ADD and the Myth of the Tormented Genius

There is one response to revealing my ADD-diagnosis that I haven’t discussed yet. This response is typified by saying something like “but you must’t think of it as a disability. You are just gifted, and so creative.”

Well now, I have a lot to say about this. Firstly, I recognise the sweetness behind the response. Also, it appeals to my ego to think of myself as this uber creative type.

However, ultimately, I think this response is ultimately disempowering to me. Let me explain why: for me, it is helpful to self-identify as having a disability. This is a label that doubtless many other people with ADD would be uncomfortable with. SO let me be clear, I speak only for myself here. For me, identifying as having a disability is to identify with a powerful disability-rights movement that mobilised around the slogan “we are not disabled, the world disables us.” The intention of this movement is to show the social and environmental contexts of disability, the ways that disability is in fact produced and manufactured by, for example, a building without an elevator for a wheelchair.

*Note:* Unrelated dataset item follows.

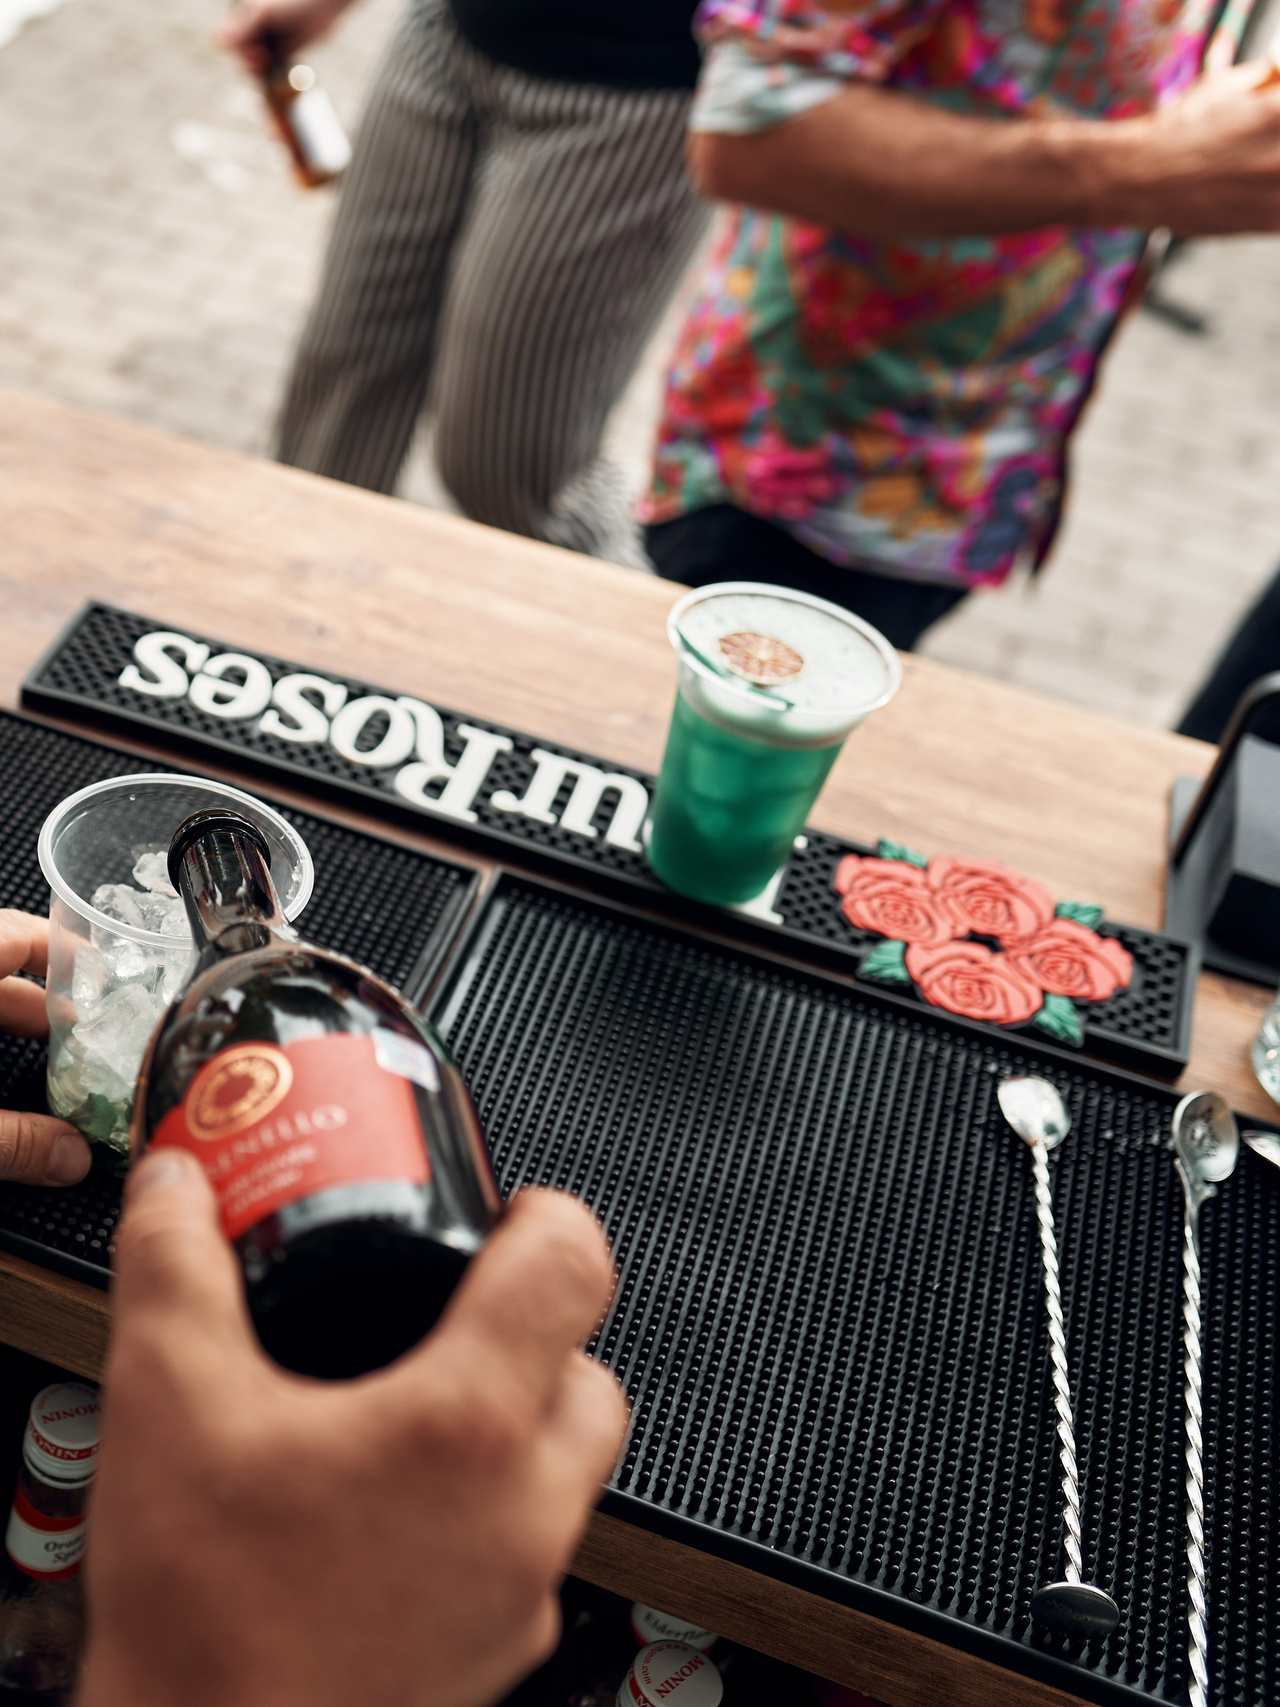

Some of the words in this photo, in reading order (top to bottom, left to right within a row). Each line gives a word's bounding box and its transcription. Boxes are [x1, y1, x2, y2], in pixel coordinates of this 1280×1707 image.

[120, 631, 512, 823] Roses
[41, 1403, 101, 1424] MONIN
[655, 1655, 705, 1699] MONIN

In my case, the university environment I am in disables me in a number of ways: in expecting students to be able to structure, research, write a book in four years with limited support. By making the expectations for said book implicit, rather than explicit. I must make “an original contribution to knowledge.” What is that? I must “master my field.” How? What does that mean to you? More subtly, I think the university disables students by pretending that this process is easy. Maybe, even by pretending that a strong academic mind is also one that is psychologically “normal”, untainted my mental illness. I have been scared of revealing my status for fear of not being offered a job after I finish, for example. For the possibility of being seen as “fragile” instead of the much-needed “functional.”

In these ways, I have a disability within the university. Stating that is empowering for me, you don’t need to protect me from the words that I use. In contrast, saying that I am “just gifted”, or “creative” erases the acknowledgement of the difficulties I experience in this environment. It erases the ways that I am disabled, and puts the onus back on me, the one who needs to “overcome” their own circumstances.

If I stay in the university, I hope I will be able to live out of the closet with my disability. I hope I will be able to make a space for other students with mental illness or ADD to do the same.